> **WORK TASK**:
If an entry below contains an image, drop the image and retype the rest exactly.

*** DATA SHOWN ***

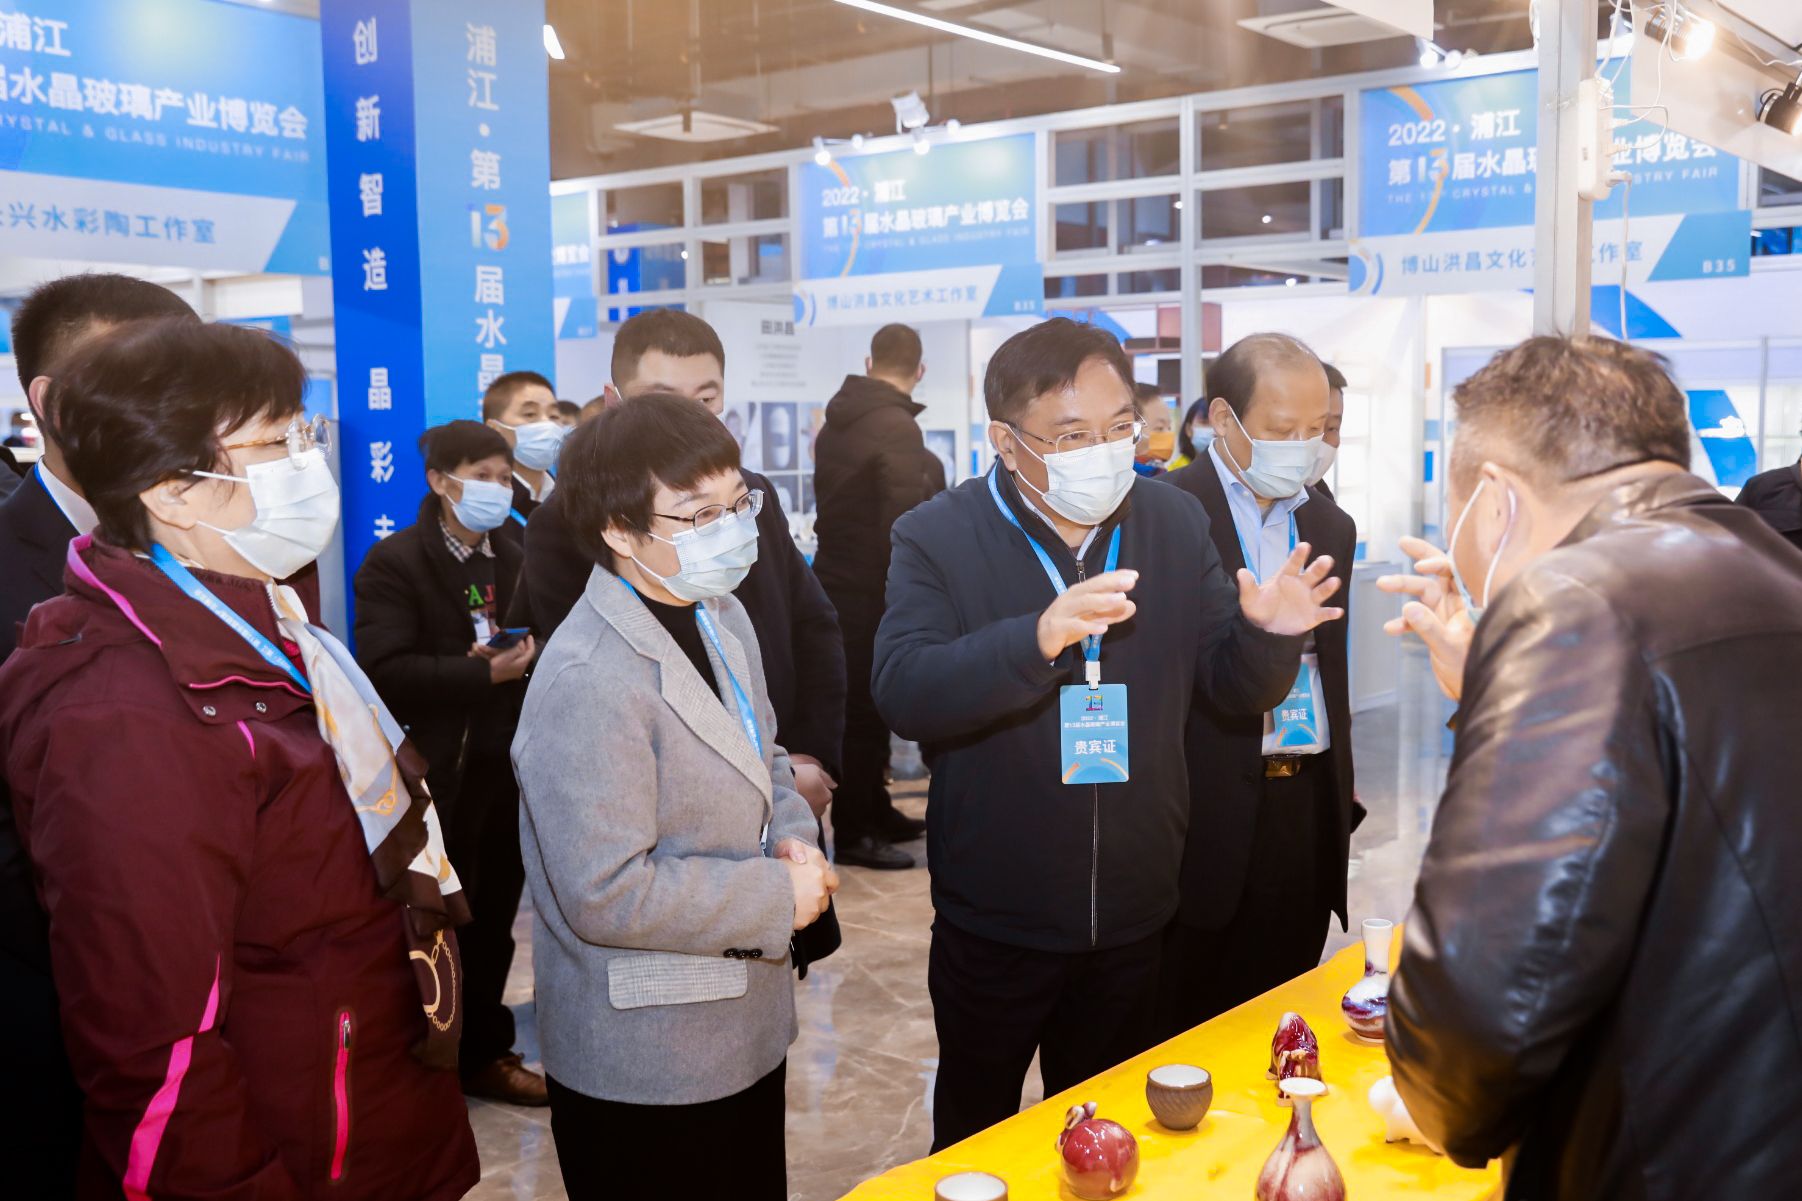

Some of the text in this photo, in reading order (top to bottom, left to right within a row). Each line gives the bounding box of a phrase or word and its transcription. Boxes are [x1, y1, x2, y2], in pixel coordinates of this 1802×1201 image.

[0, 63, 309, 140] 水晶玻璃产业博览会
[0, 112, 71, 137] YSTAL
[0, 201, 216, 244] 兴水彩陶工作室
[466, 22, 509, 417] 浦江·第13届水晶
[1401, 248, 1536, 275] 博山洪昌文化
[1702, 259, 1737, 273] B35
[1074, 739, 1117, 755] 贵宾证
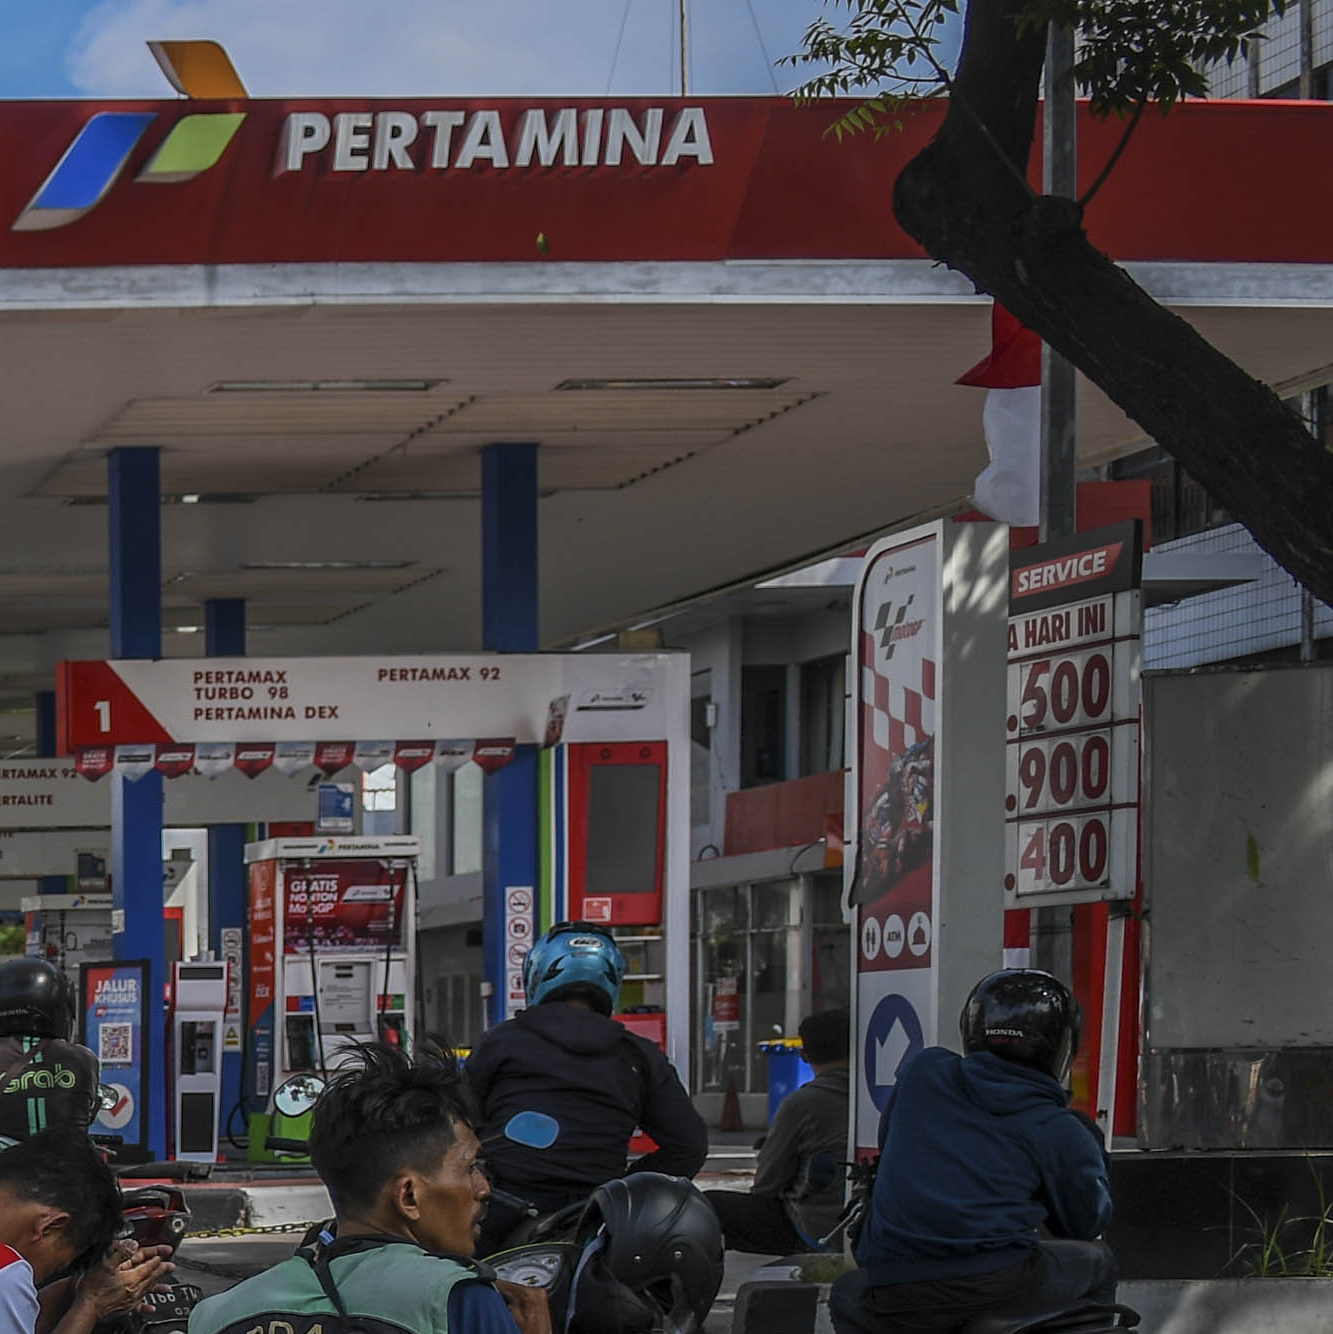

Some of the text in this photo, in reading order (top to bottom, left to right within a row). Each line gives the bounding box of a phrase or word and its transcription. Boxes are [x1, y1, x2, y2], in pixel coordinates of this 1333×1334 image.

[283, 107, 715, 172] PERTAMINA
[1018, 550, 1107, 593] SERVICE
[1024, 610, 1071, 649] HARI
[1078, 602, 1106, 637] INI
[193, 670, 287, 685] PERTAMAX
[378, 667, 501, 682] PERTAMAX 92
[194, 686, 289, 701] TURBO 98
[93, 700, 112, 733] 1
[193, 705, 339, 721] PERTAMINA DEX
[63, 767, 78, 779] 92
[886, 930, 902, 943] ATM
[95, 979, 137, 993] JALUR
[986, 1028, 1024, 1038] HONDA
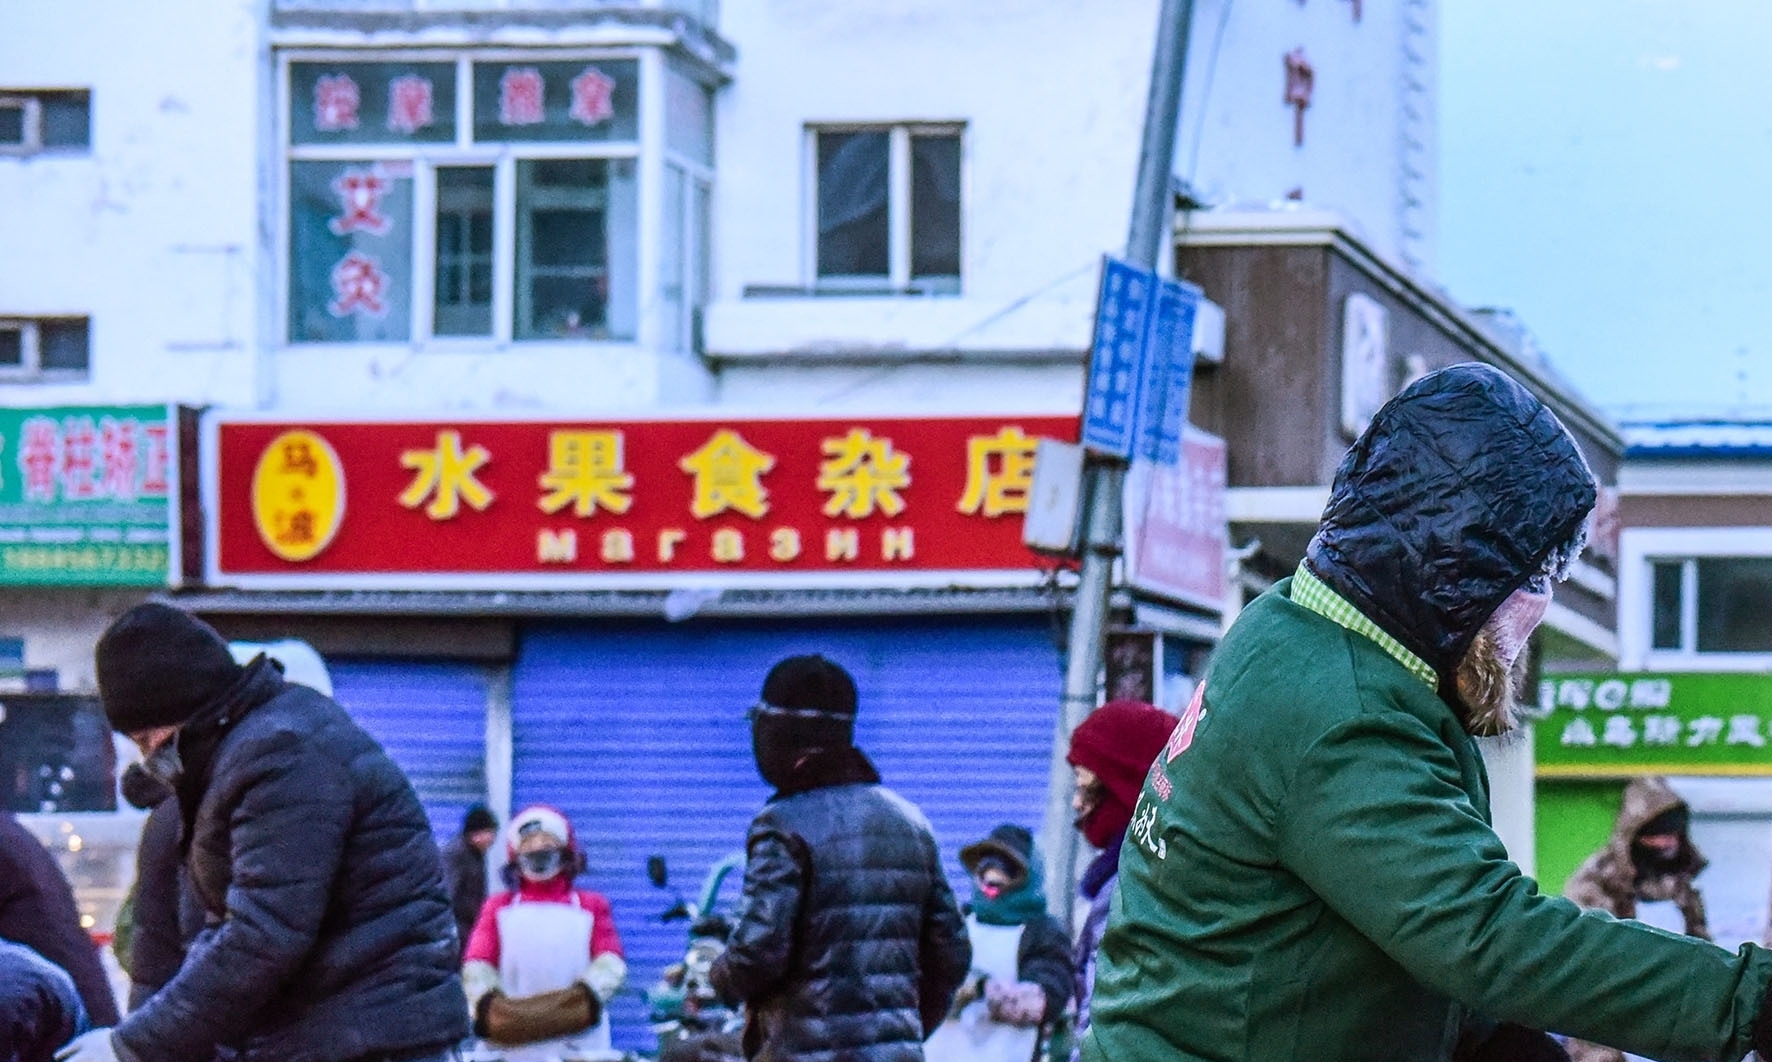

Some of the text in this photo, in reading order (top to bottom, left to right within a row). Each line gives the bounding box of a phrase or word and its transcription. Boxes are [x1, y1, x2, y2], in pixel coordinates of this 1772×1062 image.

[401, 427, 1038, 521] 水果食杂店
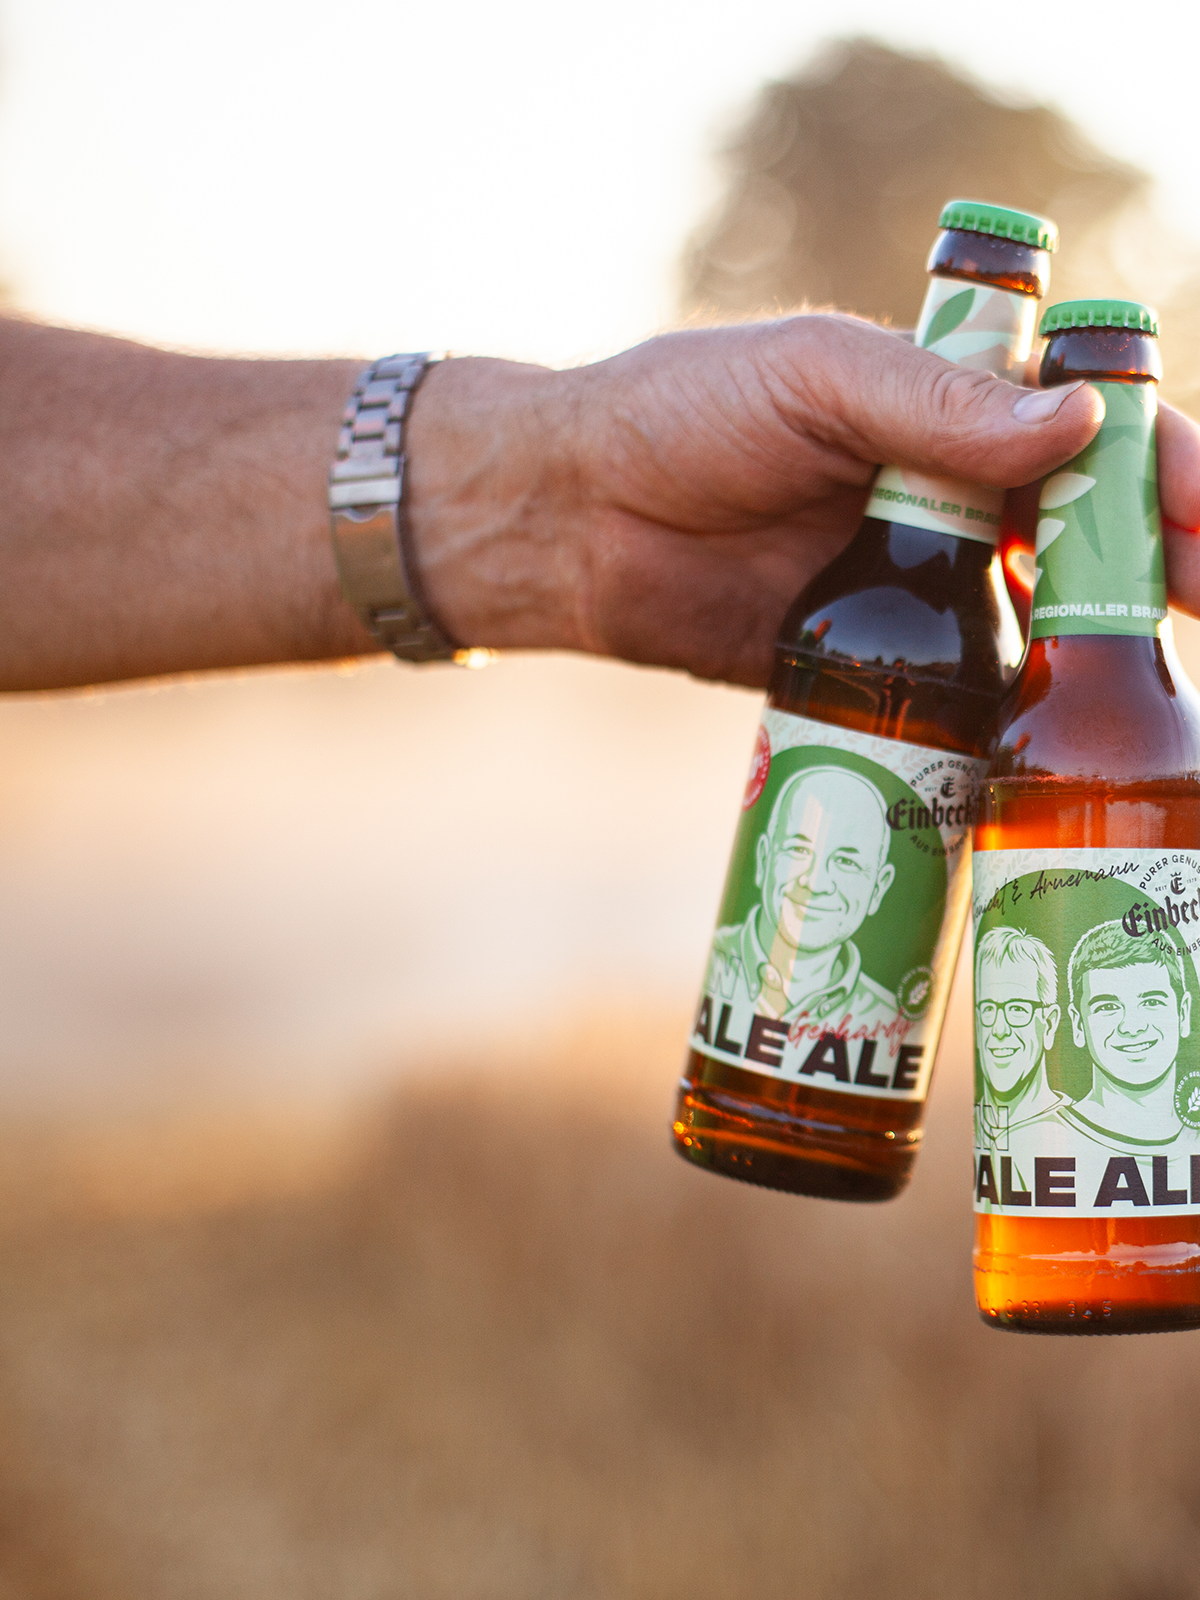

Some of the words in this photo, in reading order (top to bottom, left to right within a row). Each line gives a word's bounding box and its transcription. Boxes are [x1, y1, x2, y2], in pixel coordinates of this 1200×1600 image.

*** End of DATA SHOWN ***

> **TASK RESPONSE**:
Some of the text in this photo, in reading order (top to bottom, left to right within a row). Each line gives the bounding box of a phrase or word and its transcription. Boxes are [x1, y1, x2, y2], in pixel coordinates of this 1802×1201 image.

[0, 63, 309, 140] 水晶玻璃产业博览会
[0, 112, 71, 137] YSTAL
[0, 201, 216, 244] 兴水彩陶工作室
[466, 22, 509, 417] 浦江·第13届水晶
[1401, 248, 1536, 275] 博山洪昌文化
[1702, 259, 1737, 273] B35
[1074, 739, 1117, 755] 贵宾证

Some of the text in this photo, in reading order (top to bottom, left to right within a row). Each line gives the bounding box of a phrase or word and its transcription. Boxes are [x1, y1, x2, y2], in pixel coordinates of this 1333×1334 image.

[283, 107, 715, 172] PERTAMINA
[1018, 550, 1107, 593] SERVICE
[1024, 610, 1071, 649] HARI
[1078, 602, 1106, 637] INI
[193, 670, 287, 685] PERTAMAX
[378, 667, 501, 682] PERTAMAX 92
[194, 686, 289, 701] TURBO 98
[93, 700, 112, 733] 1
[193, 705, 339, 721] PERTAMINA DEX
[63, 767, 78, 779] 92
[886, 930, 902, 943] ATM
[95, 979, 137, 993] JALUR
[986, 1028, 1024, 1038] HONDA

Some of the text in this photo, in reading order (top to bottom, left to right within a row). Each line gives the bounding box of a phrase or word and its transcription. Boxes are [x1, y1, x2, y2], in pixel coordinates of this 1772×1062 image.

[401, 427, 1038, 521] 水果食杂店

Some of the words in this photo, in reading order (top to bottom, left to right within a row). Each line gives a word's bounding box and its transcription. Boxes are [x1, y1, x2, y2], in pixel coordinates of this 1200×1600 image.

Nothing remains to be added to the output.